**WHAT IS NEEDED:** Each entry has to be printed again exactly.

*** Opening of PROVIDED ENTRIES ***

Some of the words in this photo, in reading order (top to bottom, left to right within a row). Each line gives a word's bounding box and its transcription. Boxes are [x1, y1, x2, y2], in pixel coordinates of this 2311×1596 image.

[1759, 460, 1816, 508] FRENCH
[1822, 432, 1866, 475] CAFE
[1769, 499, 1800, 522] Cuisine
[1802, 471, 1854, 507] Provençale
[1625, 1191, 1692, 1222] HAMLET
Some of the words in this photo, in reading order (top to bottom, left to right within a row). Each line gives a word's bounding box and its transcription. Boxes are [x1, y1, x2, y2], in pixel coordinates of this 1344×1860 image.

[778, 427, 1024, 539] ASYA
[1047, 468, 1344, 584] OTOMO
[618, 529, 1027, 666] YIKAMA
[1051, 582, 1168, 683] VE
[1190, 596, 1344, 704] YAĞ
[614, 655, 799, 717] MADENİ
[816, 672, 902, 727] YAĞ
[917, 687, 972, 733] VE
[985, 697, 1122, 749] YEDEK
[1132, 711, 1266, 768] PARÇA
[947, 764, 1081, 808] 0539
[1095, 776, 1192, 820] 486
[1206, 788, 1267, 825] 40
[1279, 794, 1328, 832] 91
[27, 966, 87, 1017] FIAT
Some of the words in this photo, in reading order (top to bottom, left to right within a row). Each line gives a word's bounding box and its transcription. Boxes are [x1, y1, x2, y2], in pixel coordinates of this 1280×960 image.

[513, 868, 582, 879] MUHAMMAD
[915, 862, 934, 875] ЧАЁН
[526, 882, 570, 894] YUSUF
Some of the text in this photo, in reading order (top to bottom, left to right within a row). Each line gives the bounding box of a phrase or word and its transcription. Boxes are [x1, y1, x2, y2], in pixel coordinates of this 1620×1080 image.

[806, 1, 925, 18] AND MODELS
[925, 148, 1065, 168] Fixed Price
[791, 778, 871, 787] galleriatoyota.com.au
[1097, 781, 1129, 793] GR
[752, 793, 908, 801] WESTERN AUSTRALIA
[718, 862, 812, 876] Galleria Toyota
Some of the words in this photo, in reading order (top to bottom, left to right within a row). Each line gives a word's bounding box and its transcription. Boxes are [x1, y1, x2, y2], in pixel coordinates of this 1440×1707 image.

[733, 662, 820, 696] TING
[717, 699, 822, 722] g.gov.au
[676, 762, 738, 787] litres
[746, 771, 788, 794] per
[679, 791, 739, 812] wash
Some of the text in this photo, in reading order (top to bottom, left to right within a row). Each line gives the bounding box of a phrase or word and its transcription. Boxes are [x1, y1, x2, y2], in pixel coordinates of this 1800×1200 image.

*** Close of PROVIDED ENTRIES ***

**WRITTEN SOLUTION:**
Some of the words in this photo, in reading order (top to bottom, left to right within a row). Each line gives a word's bounding box and its transcription. Boxes are [x1, y1, x2, y2], in pixel coordinates of this 2311×1596 image.

[1759, 460, 1816, 508] FRENCH
[1822, 432, 1866, 475] CAFE
[1769, 499, 1800, 522] Cuisine
[1802, 471, 1854, 507] Provençale
[1625, 1191, 1692, 1222] HAMLET
Some of the words in this photo, in reading order (top to bottom, left to right within a row). Each line gives a word's bounding box and its transcription. Boxes are [x1, y1, x2, y2], in pixel coordinates of this 1344×1860 image.

[778, 427, 1024, 539] ASYA
[1047, 468, 1344, 584] OTOMO
[618, 529, 1027, 666] YIKAMA
[1051, 582, 1168, 683] VE
[1190, 596, 1344, 704] YAĞ
[614, 655, 799, 717] MADENİ
[816, 672, 902, 727] YAĞ
[917, 687, 972, 733] VE
[985, 697, 1122, 749] YEDEK
[1132, 711, 1266, 768] PARÇA
[947, 764, 1081, 808] 0539
[1095, 776, 1192, 820] 486
[1206, 788, 1267, 825] 40
[1279, 794, 1328, 832] 91
[27, 966, 87, 1017] FIAT
Some of the words in this photo, in reading order (top to bottom, left to right within a row). Each line gives a word's bounding box and its transcription. Boxes are [x1, y1, x2, y2], in pixel coordinates of this 1280×960 image.

[513, 868, 582, 879] MUHAMMAD
[915, 862, 934, 875] ЧАЁН
[526, 882, 570, 894] YUSUF
Some of the text in this photo, in reading order (top to bottom, left to right within a row). Each line gives the bounding box of a phrase or word and its transcription. Boxes are [x1, y1, x2, y2], in pixel coordinates of this 1620×1080 image.

[806, 1, 925, 18] AND MODELS
[925, 148, 1065, 168] Fixed Price
[791, 778, 871, 787] galleriatoyota.com.au
[1097, 781, 1129, 793] GR
[752, 793, 908, 801] WESTERN AUSTRALIA
[718, 862, 812, 876] Galleria Toyota
Some of the words in this photo, in reading order (top to bottom, left to right within a row). Each line gives a word's bounding box and its transcription. Boxes are [x1, y1, x2, y2], in pixel coordinates of this 1440×1707 image.

[733, 662, 820, 696] TING
[717, 699, 822, 722] g.gov.au
[676, 762, 738, 787] litres
[746, 771, 788, 794] per
[679, 791, 739, 812] wash
Some of the text in this photo, in reading order (top to bottom, left to right within a row). Each line gives the bounding box of a phrase or word and its transcription. Boxes are [x1, y1, x2, y2], in pixel coordinates of this 1800×1200 image.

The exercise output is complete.